- [INFORMATION PROVIDED]
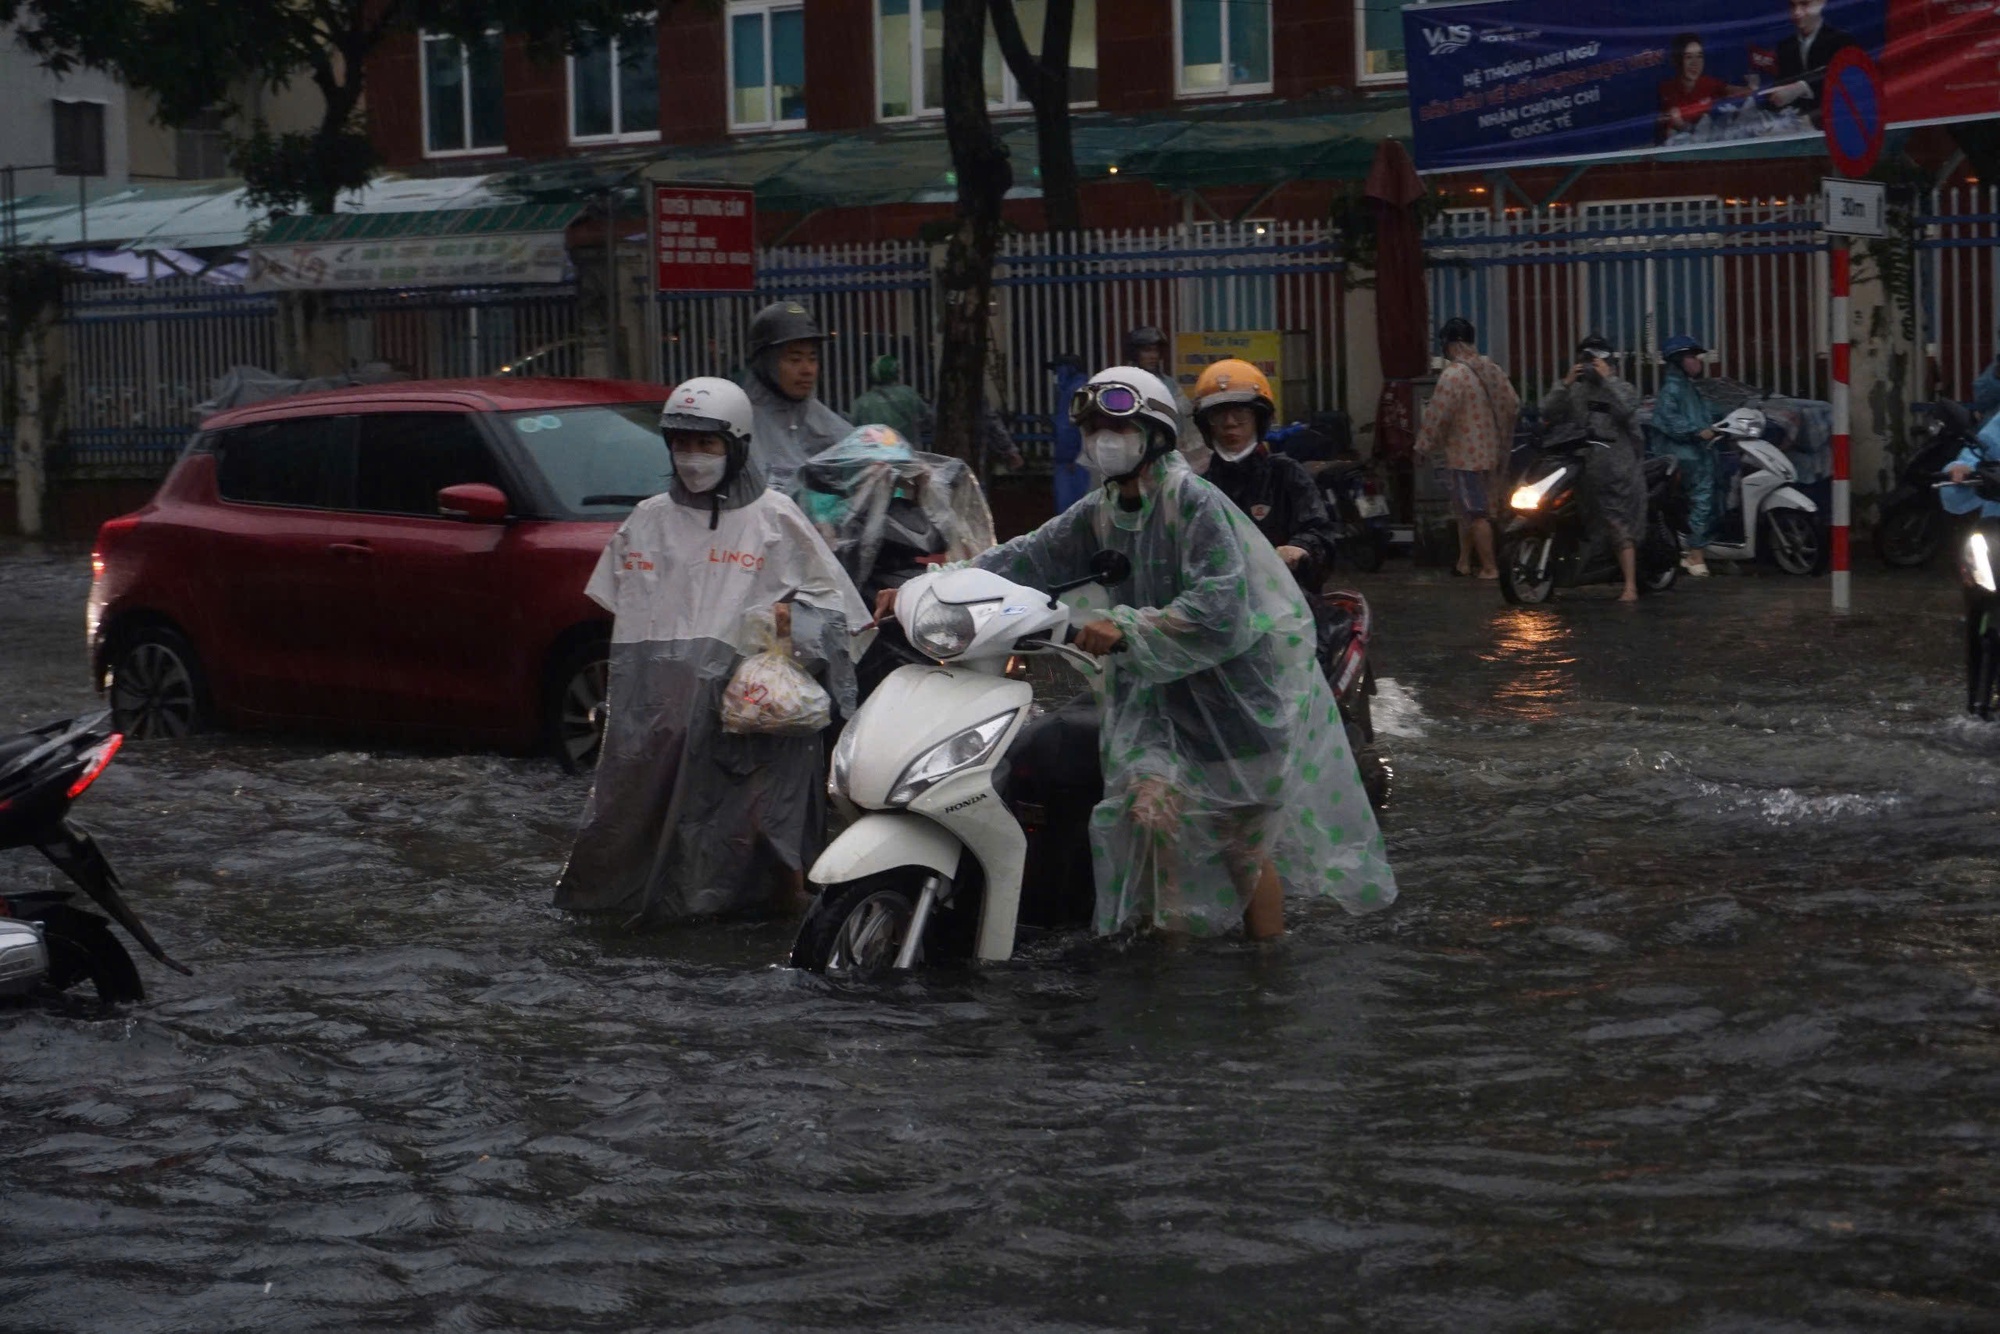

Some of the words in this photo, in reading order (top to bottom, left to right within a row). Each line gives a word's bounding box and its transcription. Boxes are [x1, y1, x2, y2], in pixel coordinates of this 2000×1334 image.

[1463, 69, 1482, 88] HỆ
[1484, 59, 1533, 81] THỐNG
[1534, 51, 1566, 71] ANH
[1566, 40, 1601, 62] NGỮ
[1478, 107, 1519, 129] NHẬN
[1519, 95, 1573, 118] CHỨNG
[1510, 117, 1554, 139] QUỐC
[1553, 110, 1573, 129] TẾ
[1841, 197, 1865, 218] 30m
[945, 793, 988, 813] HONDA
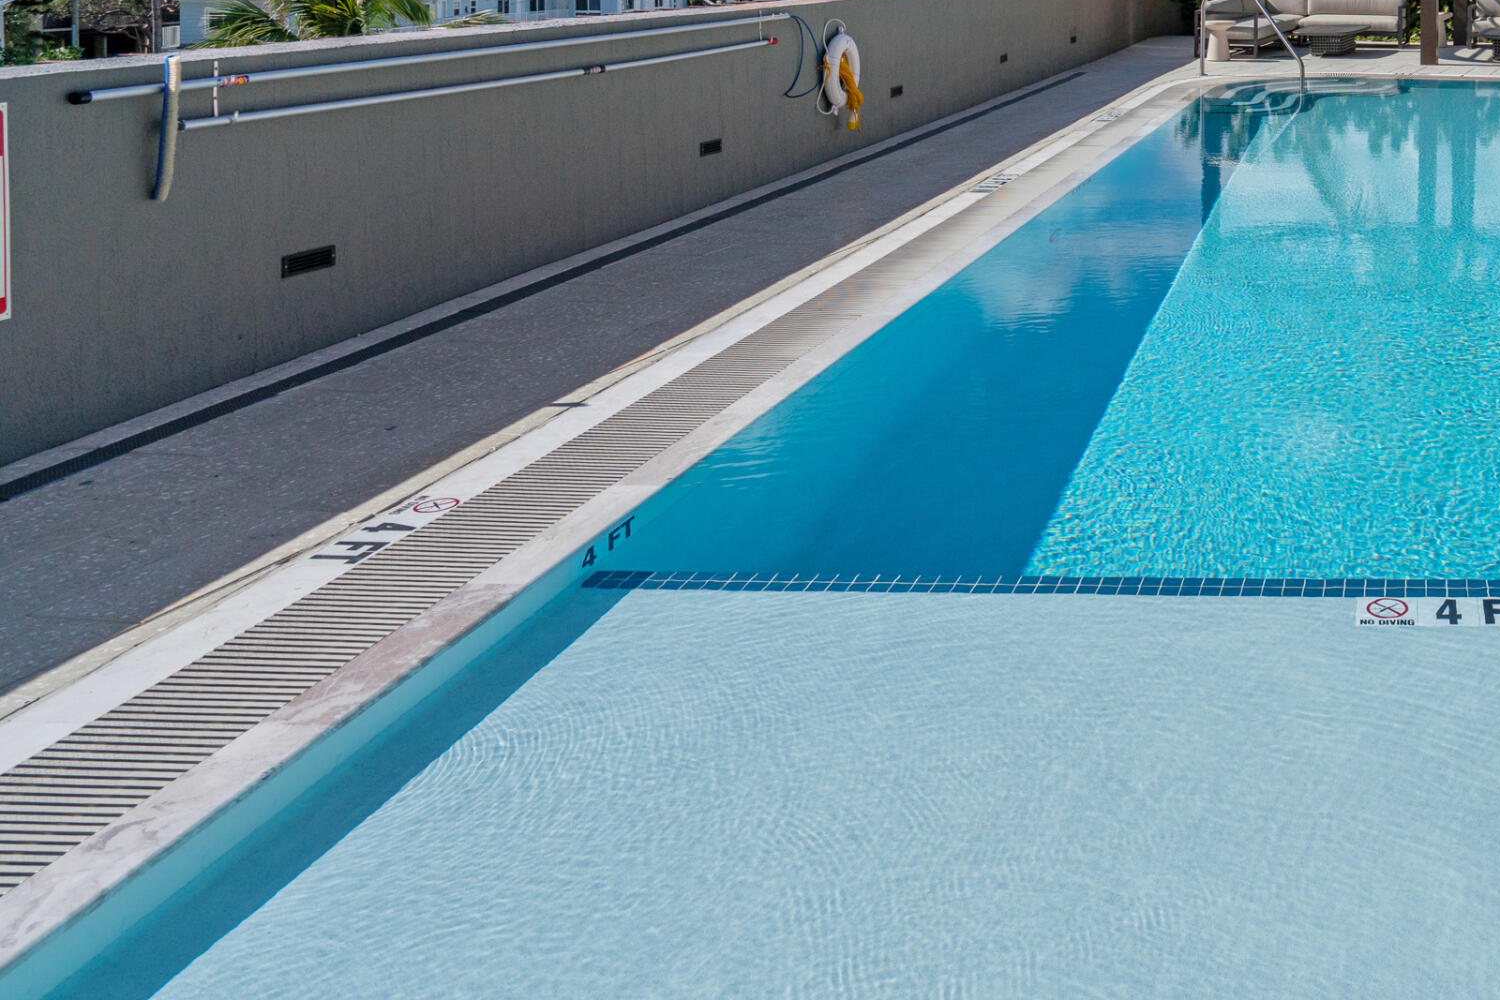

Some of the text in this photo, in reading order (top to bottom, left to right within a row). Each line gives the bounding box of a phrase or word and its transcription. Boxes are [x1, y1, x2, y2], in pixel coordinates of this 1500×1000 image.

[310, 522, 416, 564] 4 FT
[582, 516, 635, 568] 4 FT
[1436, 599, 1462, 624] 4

- [WHAT IS BEING ASKED]
Apart from its pictures, the data is to be repeated exactly.

- [SOLUTION]
Some of the words in this photo, in reading order (top to bottom, left to right within a row). Each line gives a word's bounding box and its transcription. Boxes are [x1, y1, x2, y2], in pixel coordinates of this 2000×1334 image.

[1463, 69, 1482, 88] HỆ
[1484, 59, 1533, 81] THỐNG
[1534, 51, 1566, 71] ANH
[1566, 40, 1601, 62] NGỮ
[1478, 107, 1519, 129] NHẬN
[1519, 95, 1573, 118] CHỨNG
[1510, 117, 1554, 139] QUỐC
[1553, 110, 1573, 129] TẾ
[1841, 197, 1865, 218] 30m
[945, 793, 988, 813] HONDA

Some of the text in this photo, in reading order (top to bottom, left to right within a row). Each line gives the bounding box of a phrase or word and its transcription. Boxes are [x1, y1, x2, y2], in pixel coordinates of this 1500×1000 image.

[310, 522, 416, 564] 4 FT
[582, 516, 635, 568] 4 FT
[1436, 599, 1462, 624] 4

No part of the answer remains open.